◆ What you should do
Your answer must be the data repeated exactly, with no pictures in it.

Records from a collection
===============

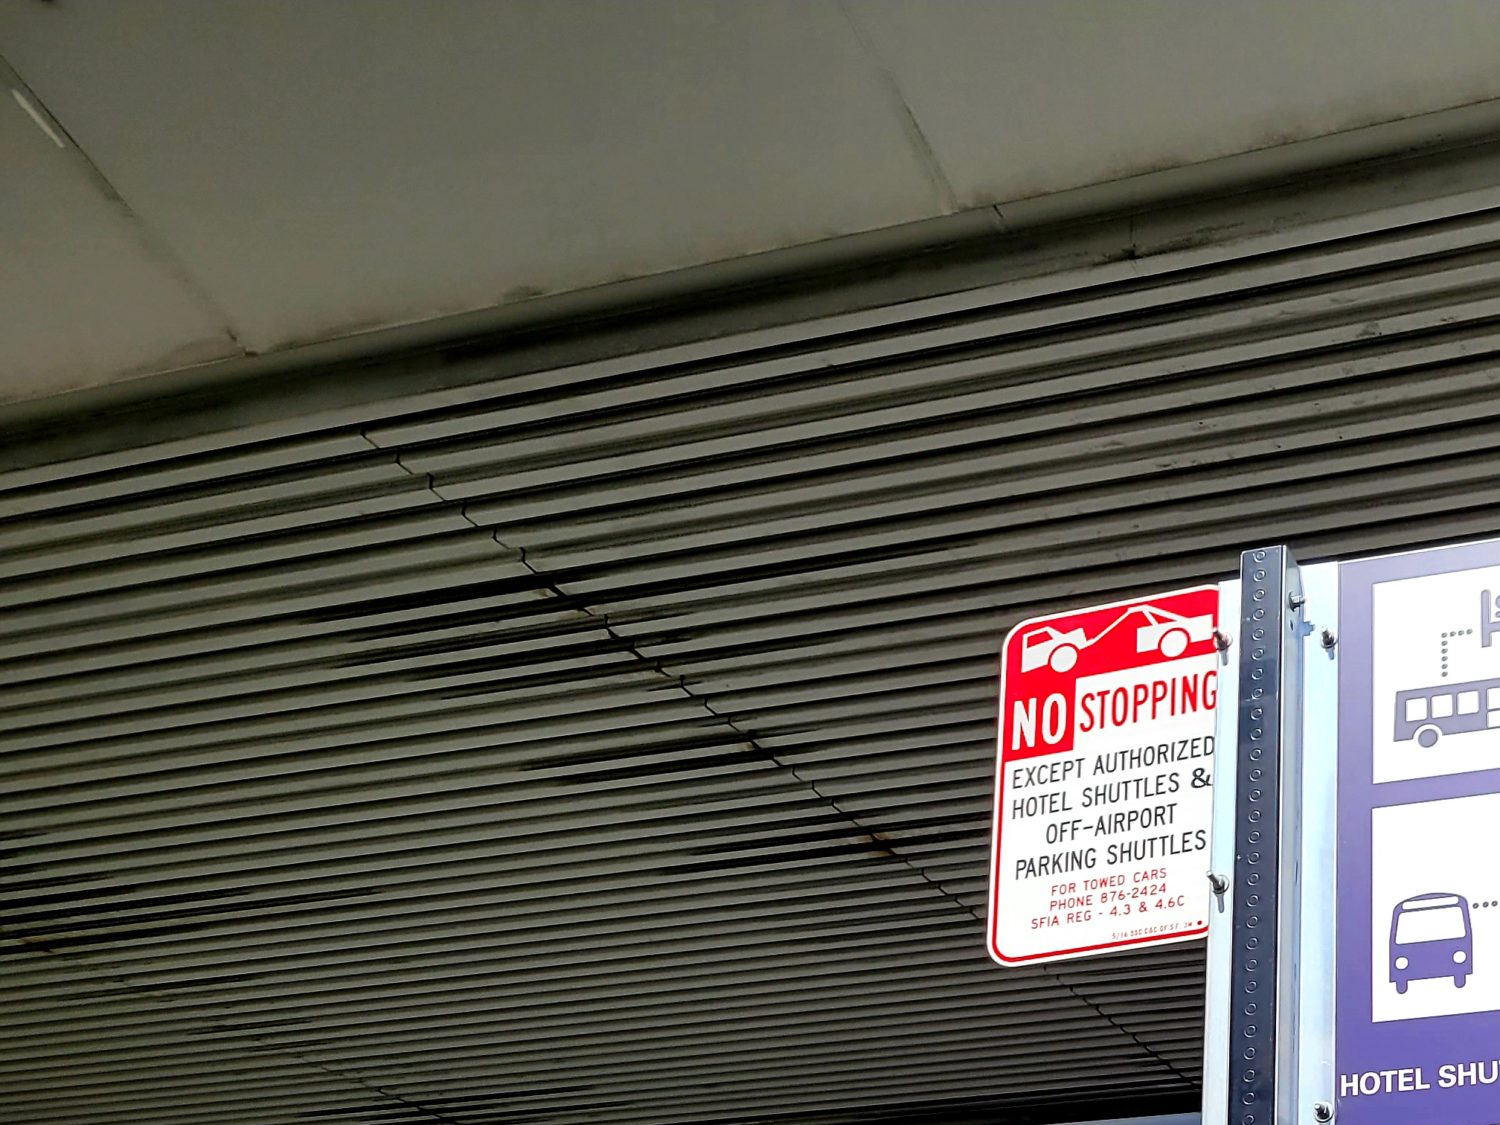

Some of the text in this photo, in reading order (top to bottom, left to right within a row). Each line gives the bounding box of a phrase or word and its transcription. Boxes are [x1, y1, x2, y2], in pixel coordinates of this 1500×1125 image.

[1011, 670, 1217, 751] NO STOPPING
[1012, 735, 1215, 789] EXCEPT AUTHORIZED
[1012, 767, 1213, 820] HOTEL SHUTTLES &
[1046, 803, 1178, 845] OFF-AIRPORT
[1015, 829, 1206, 880] PARKING SHUTTLES
[1050, 883, 1167, 911] PHONE 876-2424
[1051, 868, 1167, 896] FOR TOWED CARS
[1031, 915, 1060, 930] SFIA
[1066, 911, 1092, 924] REG
[1109, 904, 1131, 917] 4.3
[1138, 901, 1148, 912] &
[1155, 895, 1185, 910] 4.6C
[1340, 1067, 1431, 1097] HOTEL
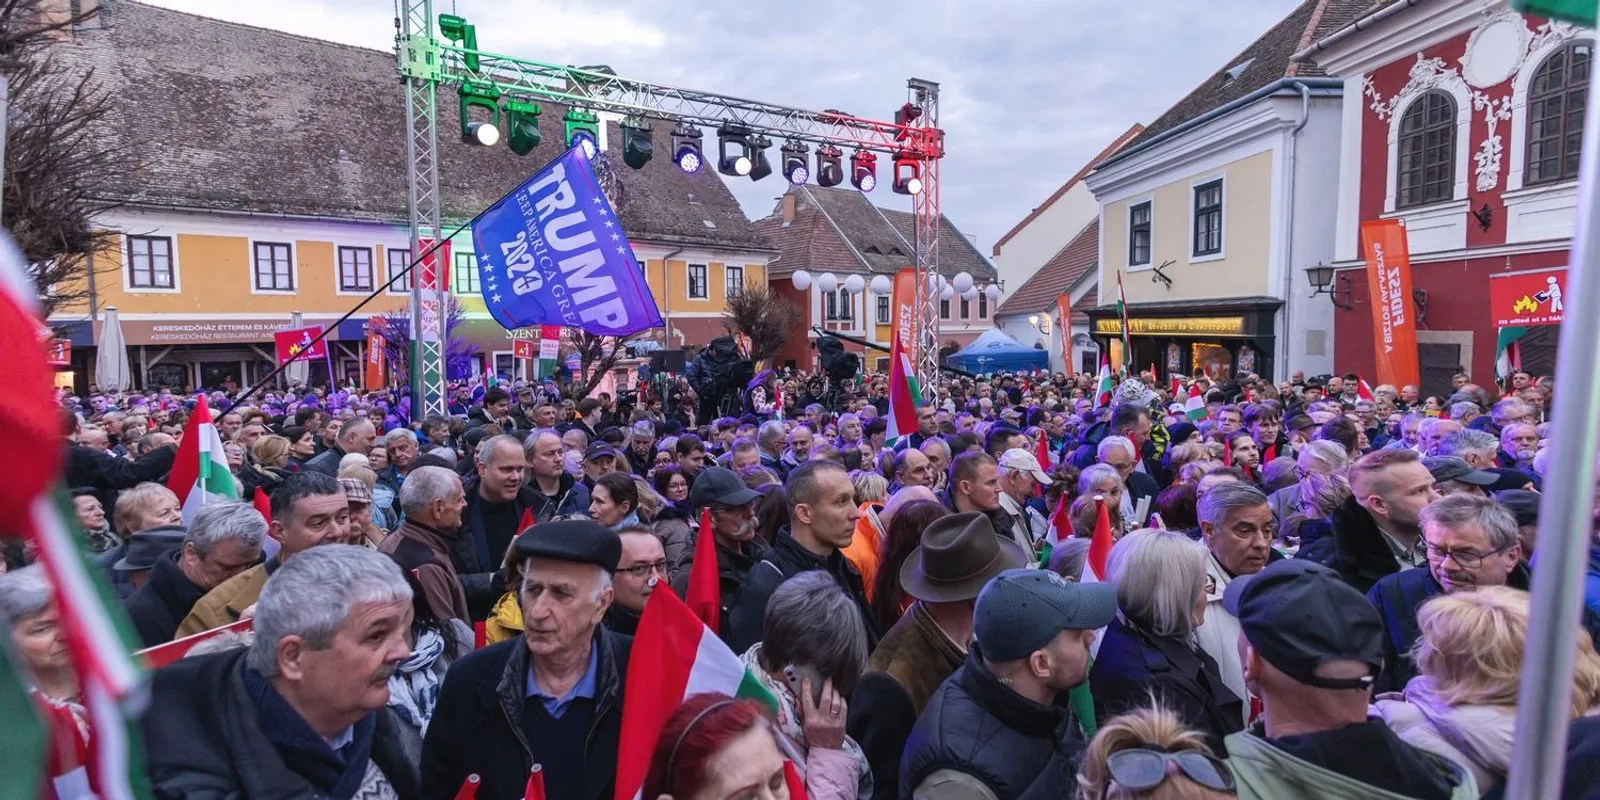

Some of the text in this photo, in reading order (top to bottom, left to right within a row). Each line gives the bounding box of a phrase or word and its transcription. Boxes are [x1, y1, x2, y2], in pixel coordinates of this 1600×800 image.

===============

◆ Response
Some of the text in this photo, in reading order (top to bottom, left to right within a row). Each line gives the bounding box of a phrase or word and its transcription. Boxes are [x1, y1, x2, y2], in pixel coordinates of this 1500×1125 image.

[1011, 670, 1217, 751] NO STOPPING
[1012, 735, 1215, 789] EXCEPT AUTHORIZED
[1012, 767, 1213, 820] HOTEL SHUTTLES &
[1046, 803, 1178, 845] OFF-AIRPORT
[1015, 829, 1206, 880] PARKING SHUTTLES
[1050, 883, 1167, 911] PHONE 876-2424
[1051, 868, 1167, 896] FOR TOWED CARS
[1031, 915, 1060, 930] SFIA
[1066, 911, 1092, 924] REG
[1109, 904, 1131, 917] 4.3
[1138, 901, 1148, 912] &
[1155, 895, 1185, 910] 4.6C
[1340, 1067, 1431, 1097] HOTEL

Some of the text in this photo, in reading order (top to bottom, left to right within a row). Each line gives the bounding box of a phrase or word and its transcription. Boxes are [x1, y1, x2, y2], in pixel coordinates of this 1600×800 image.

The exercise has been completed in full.